Arch Dis Child 2012;97:A406 doi:10.1136/archdischild-2012-302724.1426,
The 4th Congress of the European Academy of Paediatric Societies, 5–9 October 2012. Istandul, Turkey,
SM Shah1, S Muhairi2, M Naqbi2, A Khouri2, A Mehairi2, F Al Maskari3
1 Faculty of Medicine and Health Sciences
2 Family Medicine
3 Community Medicine, United Arab Emirates University, FMHS, Al Ain, United Arab Emirates
Objectives The aim of this study was to identify the correlation of obesity with 25-hydroxyvitamin D levels in a population-based sample of schoolchildren Al Ain, United Arab Emirates.

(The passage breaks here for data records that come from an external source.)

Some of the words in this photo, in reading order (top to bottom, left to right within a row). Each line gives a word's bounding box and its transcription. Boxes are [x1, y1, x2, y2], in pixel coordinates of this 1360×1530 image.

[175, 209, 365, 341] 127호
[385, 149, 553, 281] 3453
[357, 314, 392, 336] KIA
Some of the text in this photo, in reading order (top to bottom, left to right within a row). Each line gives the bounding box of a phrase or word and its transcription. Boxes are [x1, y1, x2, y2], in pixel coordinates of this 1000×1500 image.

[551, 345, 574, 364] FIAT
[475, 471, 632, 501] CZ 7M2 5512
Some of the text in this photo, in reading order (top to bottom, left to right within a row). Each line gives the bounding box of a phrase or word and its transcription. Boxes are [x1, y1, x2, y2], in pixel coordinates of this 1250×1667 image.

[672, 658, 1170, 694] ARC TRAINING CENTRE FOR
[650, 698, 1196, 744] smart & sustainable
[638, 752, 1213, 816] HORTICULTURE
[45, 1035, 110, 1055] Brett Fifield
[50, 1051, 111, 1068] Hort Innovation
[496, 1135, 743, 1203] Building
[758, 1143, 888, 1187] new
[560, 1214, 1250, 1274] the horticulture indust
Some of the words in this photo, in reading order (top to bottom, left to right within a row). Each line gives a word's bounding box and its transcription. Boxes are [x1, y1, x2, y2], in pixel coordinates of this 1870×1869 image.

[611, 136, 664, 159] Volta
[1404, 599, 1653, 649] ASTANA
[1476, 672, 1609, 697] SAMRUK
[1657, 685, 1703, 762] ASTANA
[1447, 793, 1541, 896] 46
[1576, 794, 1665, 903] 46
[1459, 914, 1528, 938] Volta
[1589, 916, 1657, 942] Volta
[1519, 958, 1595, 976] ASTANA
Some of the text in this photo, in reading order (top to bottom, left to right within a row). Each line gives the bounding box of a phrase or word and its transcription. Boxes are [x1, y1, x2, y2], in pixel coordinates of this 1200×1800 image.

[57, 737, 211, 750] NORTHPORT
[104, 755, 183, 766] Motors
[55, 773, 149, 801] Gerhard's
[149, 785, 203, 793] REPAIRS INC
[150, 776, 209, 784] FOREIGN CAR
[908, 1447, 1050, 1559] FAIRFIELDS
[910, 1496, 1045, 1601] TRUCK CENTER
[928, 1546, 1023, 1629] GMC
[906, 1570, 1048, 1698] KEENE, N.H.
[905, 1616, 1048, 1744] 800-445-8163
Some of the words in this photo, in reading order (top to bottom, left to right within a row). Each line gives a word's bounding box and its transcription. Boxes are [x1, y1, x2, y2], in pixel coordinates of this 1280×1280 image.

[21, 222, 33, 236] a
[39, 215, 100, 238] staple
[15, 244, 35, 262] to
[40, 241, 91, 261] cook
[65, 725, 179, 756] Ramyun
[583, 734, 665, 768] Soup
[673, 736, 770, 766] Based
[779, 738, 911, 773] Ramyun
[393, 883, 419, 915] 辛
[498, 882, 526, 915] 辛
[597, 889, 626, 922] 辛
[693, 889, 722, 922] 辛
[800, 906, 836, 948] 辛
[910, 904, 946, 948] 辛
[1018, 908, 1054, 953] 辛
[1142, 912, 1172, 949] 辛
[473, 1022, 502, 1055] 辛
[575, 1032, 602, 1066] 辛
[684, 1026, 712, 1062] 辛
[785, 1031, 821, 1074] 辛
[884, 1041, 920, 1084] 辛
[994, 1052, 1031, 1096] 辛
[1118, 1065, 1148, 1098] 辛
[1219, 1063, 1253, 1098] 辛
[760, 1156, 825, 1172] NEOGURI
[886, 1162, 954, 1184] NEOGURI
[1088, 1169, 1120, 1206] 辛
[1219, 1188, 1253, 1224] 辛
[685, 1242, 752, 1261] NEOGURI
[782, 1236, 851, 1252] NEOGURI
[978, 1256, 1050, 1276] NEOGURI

Methods It was a cross-sectional study. A random sample of 1018 adolescents aged 12 to 18 years was selected from 140 Schools. A self-administered questionnaire was used to obtain socio-demographic characteristics, physical activity and dietary habits. Blood samples were collected after overnight fast for more than 8 hours. Blood pressure (BP), height weight, waist and hip circumference measurements were made by trained nurses. Body mass index (BMI) less than 85th, greater than 85th but less than 95th, and ?95th percentiles for age and gender were used to define normal, overweight and obese according to the 2000 CDC growth charts. Fasting blood glucose and plasma lipids were also measured. Serum 25 (OH) D concentrations were measured in subset of youth aged 15 to 18 years.
Results The age of study participants (n=315) ranged from 15 to 18 years.
Overall 13% of the participants had vitamin D deficiency (<15 ng/mL).
A high proportion (21%) of female youth had vitamin D deficiency compared to their male counterparts (5%).
After adjustment for age, female gender, body mass index was negatively correlated with vitamin D levels (p<0.05).
Conclusion The present findings emphasize the importance of obesity prevention in order to prevent vitamin D defiance. There is significant disparity by gender and vitamin D deficiency prevention programs should particular focus female children.